February 2024 IssueLong scroll reading

Patriotic Millionaires and the Uncertainty of Taxes

By Charles Lynn Bolin

Our new Constitution is now established, and has an appearance that promises permanency; but in this world nothing can be said to be certain, except death and taxes.

Benjamin Franklin, in a letter to Jean-Baptiste Le Roy, 1789

I read  Tax the Rich!: How Lies, Loopholes, and Lobbyists Make the Rich Even Richer by Morris Pearl and Erica Payne at the Patriot Millionaires. They are a group of over 200 “high net worth individuals with annual incomes over $1 million and/or assets over $5 million who are committed to raising the minimum wage, combatting the influence of big money in politics, and advancing a progressive tax structure.” They believe that the tax system should be reformed so that the rich pay their fair share of taxes. Are the Patriotic Millionaires correct?

Source: Getty Images, Tasos Katopodis

This article is divided into the following sections:

Media Bias

Taxes are an emotionally and politically charged topic and misinformation is abundant.

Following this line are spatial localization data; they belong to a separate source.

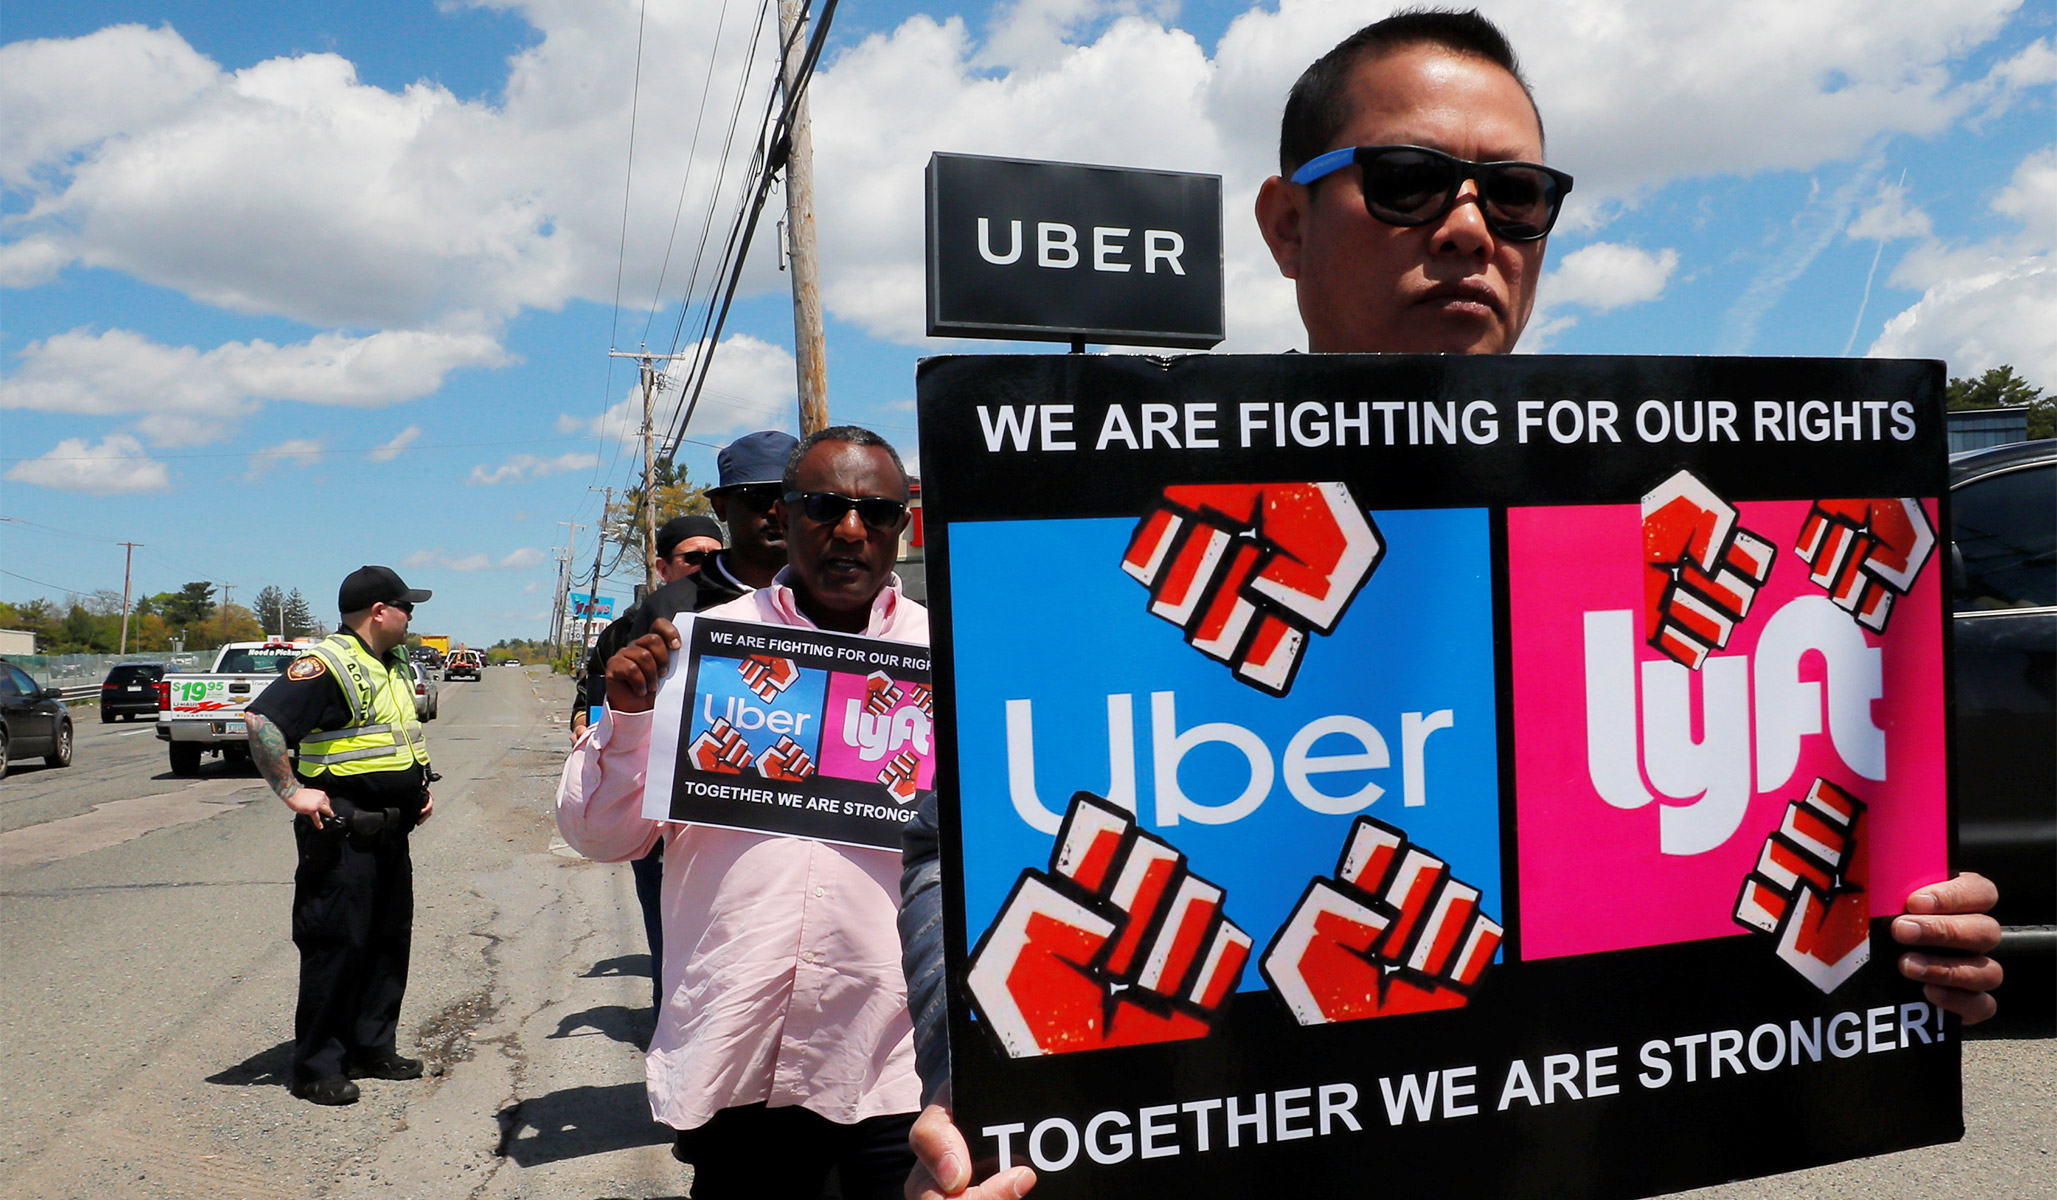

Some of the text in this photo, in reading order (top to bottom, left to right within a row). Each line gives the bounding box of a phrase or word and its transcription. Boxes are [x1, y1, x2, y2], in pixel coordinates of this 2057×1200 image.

[977, 217, 1186, 276] UBER
[976, 399, 1916, 453] WE ARE FIGHTING FOR OUR RIGHTS
[709, 631, 732, 645] WE
[735, 635, 766, 649] ARE
[768, 638, 834, 658] FIGHTING
[836, 647, 866, 662] FOR
[868, 652, 899, 667] OUR
[346, 663, 369, 721] POLICE
[703, 693, 812, 736] Uber
[842, 698, 932, 762] lyft
[1583, 594, 1887, 857] lyft
[1005, 690, 1455, 836] Uber
[684, 781, 774, 805] TOGETHER
[777, 793, 804, 809] WE
[805, 796, 841, 814] ARE
[982, 1001, 1946, 1172] TOGETHER WE ARE STRONGER!

Media Bias / Fact Check is “dedicated to educating the public on media bias and deceptive news practices.” Their methodology rates sources based on Bias, Factual Reporting, and Credibility Rating. The Patriotic Millionaires is rated Left-Center with High Factual Reporting and High Credibility. In this article, I choose media sources that are rated by Media Bias / Fact Check as High Factual Reporting and High Credibility to evaluate the impact of taxes across the wealth groups.

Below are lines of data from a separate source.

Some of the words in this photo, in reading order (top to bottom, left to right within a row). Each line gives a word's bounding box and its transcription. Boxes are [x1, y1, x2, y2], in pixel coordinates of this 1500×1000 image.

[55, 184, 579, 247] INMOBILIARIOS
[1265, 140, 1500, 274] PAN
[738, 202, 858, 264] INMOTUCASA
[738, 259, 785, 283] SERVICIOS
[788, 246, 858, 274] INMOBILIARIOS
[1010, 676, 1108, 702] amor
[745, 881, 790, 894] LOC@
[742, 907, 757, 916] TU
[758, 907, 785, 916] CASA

“Tax The Rich!” has an interesting chapter on ten “lies” that the authors perceive as misinformation. Lie #6 is about rich people’s charity for which they provide some facts:

The twenty richest Americans donated about $8.7 billion to charity in 2018 – less than 1% of their net worth. Take away Bill Gates and Warren Buffet, the most generous of the top twenty, and the other eighteen ended up giving just $2.8 billion, or 0.32% of their total net worth. That’s less than the national average – 0.33% of household worth.

Patriotic Millionaires

United Press International published Hundreds of Millionaires, Billionaires Urge Politicians at Davos to Tax Their Wealth describing 268 millionaires and billionaires from seventeen countries that urged world leaders at The World Economic Forum to tax their wealth. Their letter stated that the reasons they thought they should pay more in taxes were:

  • Proud to pay more to tackle extreme inequality.
  • Proud to pay more to help reduce the cost of living for working people.
  • Proud to pay more to better educate the next generation.
  • Proud to pay more for resilient healthcare systems.
  • Proud to pay more for better infrastructure.
  • Proud to pay more for a green transition.
  • Proud to pay more taxes on our extreme wealth.

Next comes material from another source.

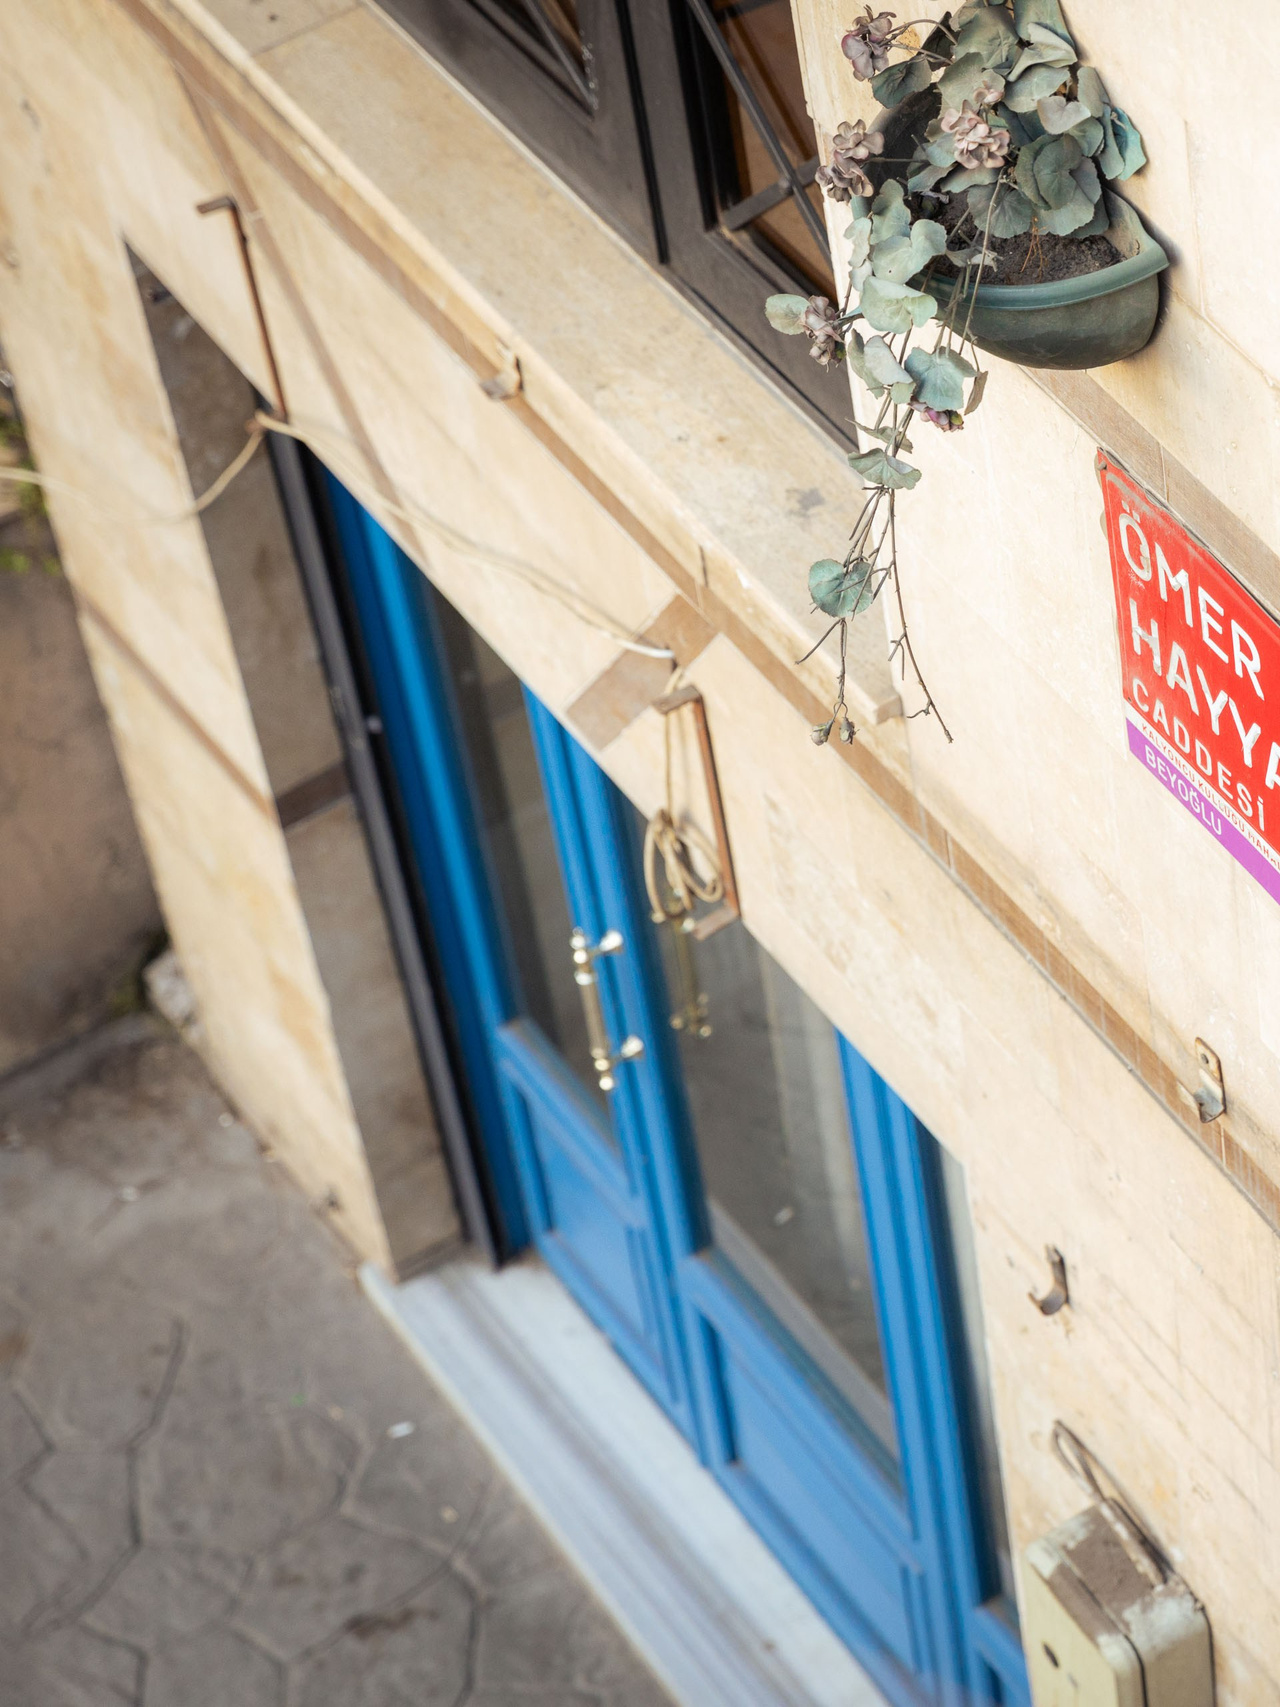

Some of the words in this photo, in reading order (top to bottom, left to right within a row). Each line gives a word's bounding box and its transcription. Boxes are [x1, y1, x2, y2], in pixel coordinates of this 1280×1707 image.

[1118, 500, 1265, 701] ÖMER
[1132, 677, 1265, 832] CADDESİ
[1142, 723, 1195, 782] KALYONCU
[1145, 744, 1222, 836] BEYOĞLU

Patriotic Millionaires was one of the organizations supporting the letter. The article describes a survey conducted by Survation on behalf of Patriotic Millionaires, which polled over 2,300 respondents from G20 countries who hold more than one million dollars of investable assets. It found that 74% of millionaires support higher taxes on wealth to help address the cost-of-living crisis and improve public services.

Some of the ways the authors of “Tax the Rich!” describe the tax system favoring the rich are:

  1. Carried Interest: “The Billionaires’ Loophole”
  2. The Estate Tax: How We Created an American Aristocracy (Between 35% and 45% of all wealth in America is inherited.) 
  3. Sidestepping Taxes: The Stepped-Up Basis (80% of the benefit goes to the Top 0.1% of households.)
  4. Annuity Trusts: Don’t Trust This System 
  5. Let’s Play Switch and Swap: The 1031 Like-Kind Exchange 
  6. Help the Rich by Pretending to Help the Poor: Opportunity (for Rich People) Zones 
  7. Just Passing Through: The Pass-Through Deduction (A NBER “paper suggests that nearly 75% of all pass-through income is really just normal personal income funneled through a shell business…” “85% of the “the pass-through income goes to the top 20% of taxpayers, and more than 50% goes to the top 1%”).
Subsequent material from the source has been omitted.